People v. Clark, 70 Ill. App. 3d 698 (1979)

April 10, 1979 · Illinois Appellate Court · No. 78-97
70 Ill. App. 3d 698

THE PEOPLE OF THE STATE OF ILLINOIS, Plaintiff-Appellee, v. JACKIE E. CLARK, Defendant-Appellant.

Fifth District

No. 78-97

Opinion filed April 10, 1979.

Richard J. Wilson and Jeffrey D. Foust, both of State Appellate Defender’s Office, of Springfield, for appellant.

Lloyd Middleton, State’s Attorney, of Pinckneyville (Raymond F. Buckley, Jr., and William S. Zale, both of State’s Attorneys Appellate Service Commission, of counsel), for the People.

Mr. JUSTICE KUNCE

delivered the opinion of the court:

Defendant-appellant Jackie Clark was convicted of aggravated battery after a bench trial in the Circuit Court of Perry County. The only issue which we need resolve on this appeal is whether the battery, which admittedly occurred, took place “on or about a public way” within the meaning of section 12 — 4(b)(8) of the Criminal Code of 1961, as amended (Ill. Rev. Stat. 1977, ch. 38, par. 12 — 4(b)(8)).

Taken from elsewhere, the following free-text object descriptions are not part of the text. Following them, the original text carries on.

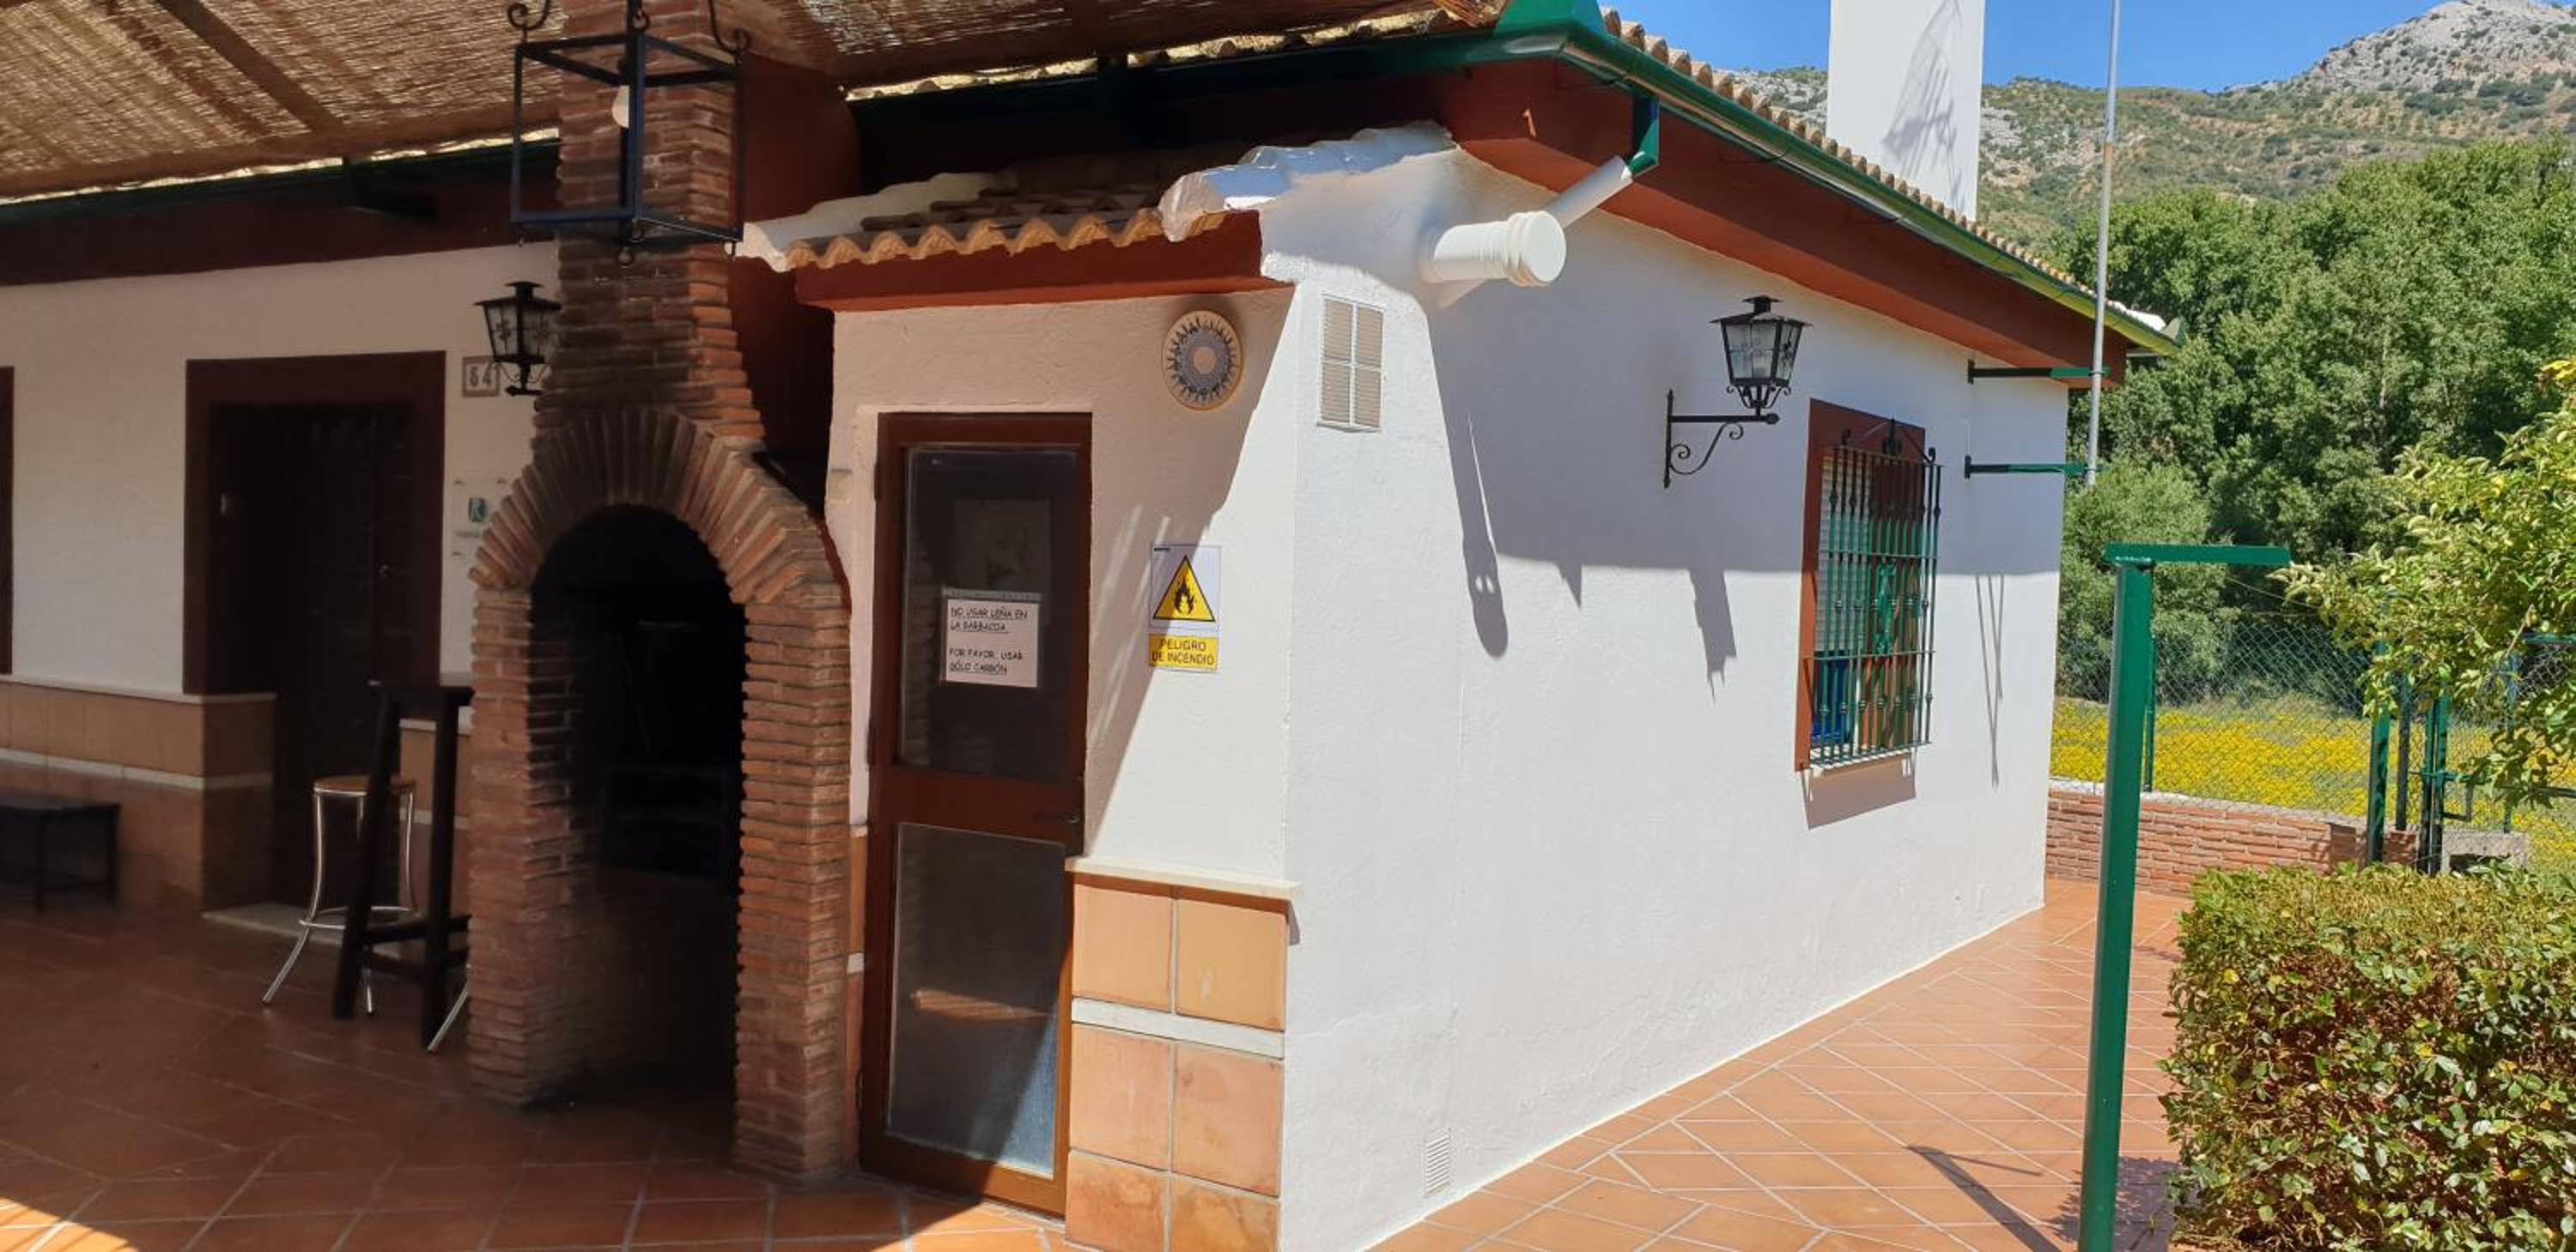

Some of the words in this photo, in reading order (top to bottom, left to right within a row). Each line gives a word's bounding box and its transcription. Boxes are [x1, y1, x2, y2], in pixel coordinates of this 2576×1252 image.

[951, 607, 963, 617] NO
[966, 607, 988, 617] USAR
[1014, 609, 1028, 619] EN
[951, 620, 961, 630] LA
[1160, 638, 1206, 651] PELIGRO
[949, 647, 965, 657] POR
[1000, 651, 1024, 660] USAR
[1151, 650, 1163, 661] DE
[1167, 651, 1215, 665] INCENDIO
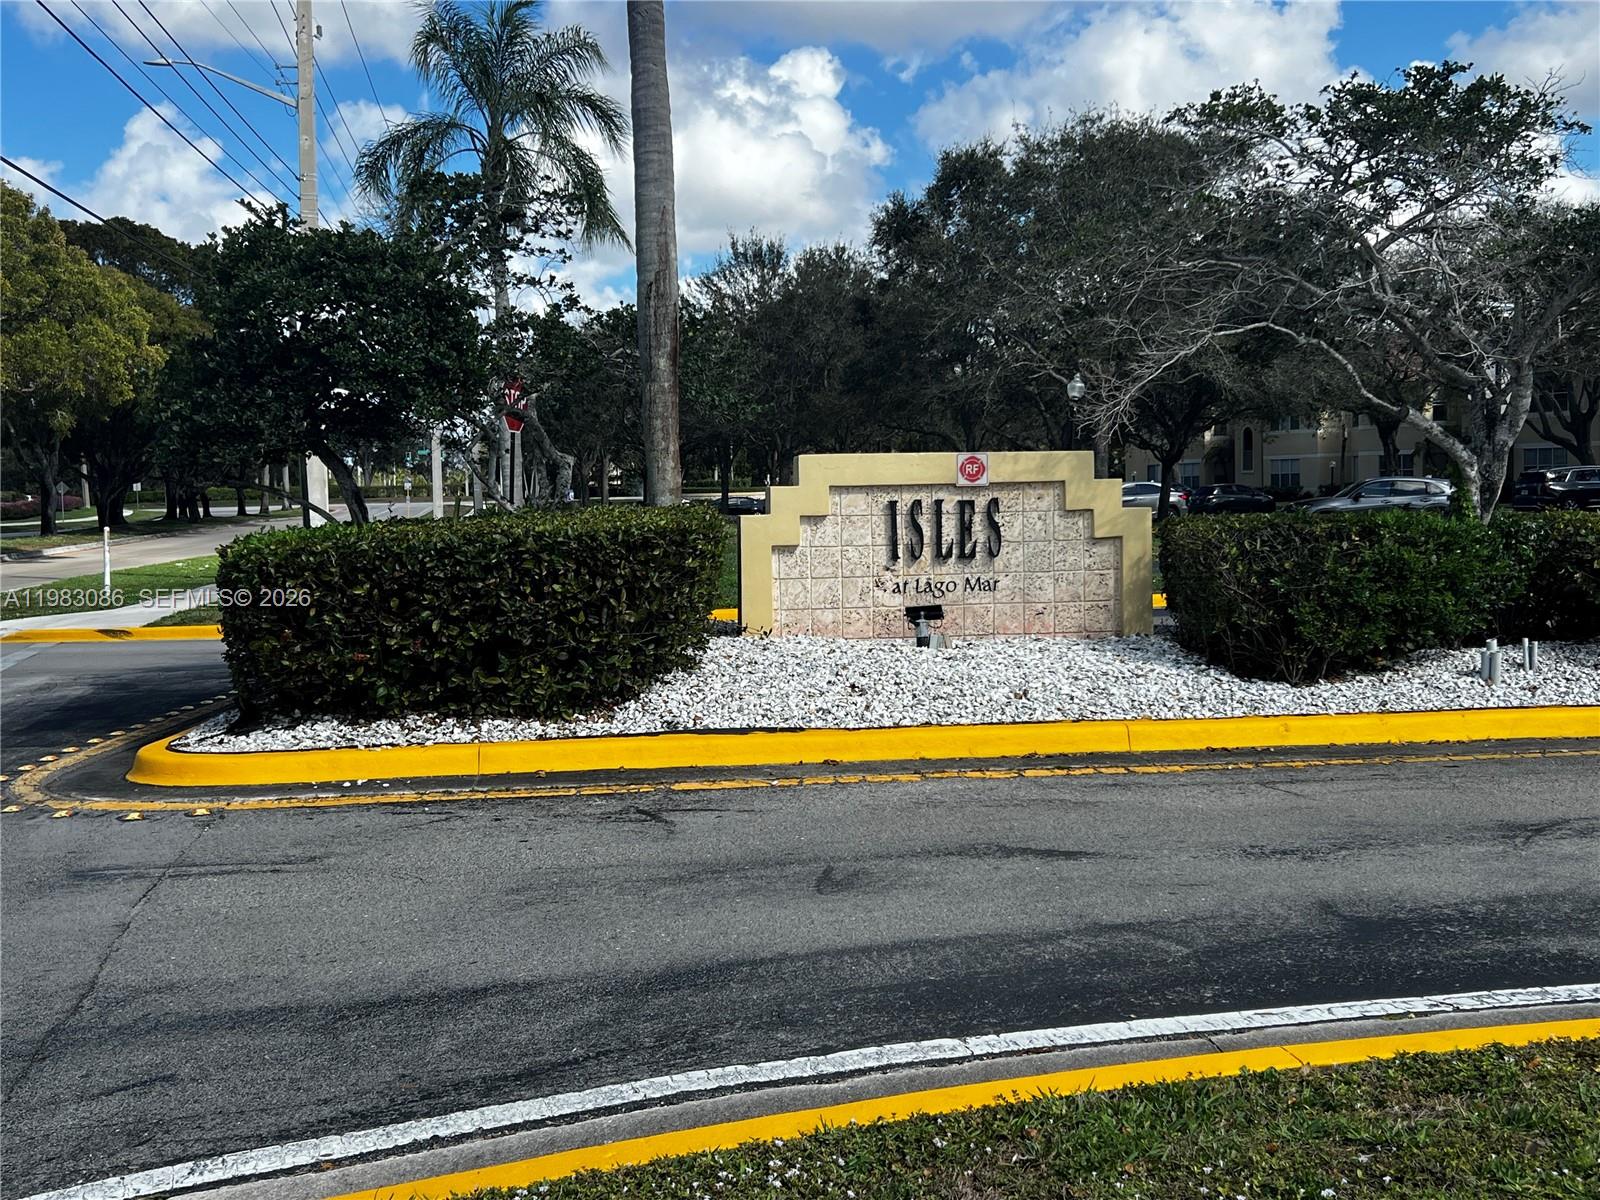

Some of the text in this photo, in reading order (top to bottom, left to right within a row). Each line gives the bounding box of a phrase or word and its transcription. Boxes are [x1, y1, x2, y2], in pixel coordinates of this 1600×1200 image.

The evidence at trial revealed that the battery took place some 95 to 100 feet from Illinois Highway 152 about three-tenths of a mile outside of DuQuoin, on a dirt lane referred to by witnesses as a “turnaround.” Although the record is not definite on this point, it appears that the turnaround was located on private property. According to witnesses, the turnaround is a dirt lane approximately 200 feet in diameter used to reverse direction on Highway 152 and to park one’s vehicle while fishing in a nearby strip pit. The turnaround is neither well marked nor well traveled.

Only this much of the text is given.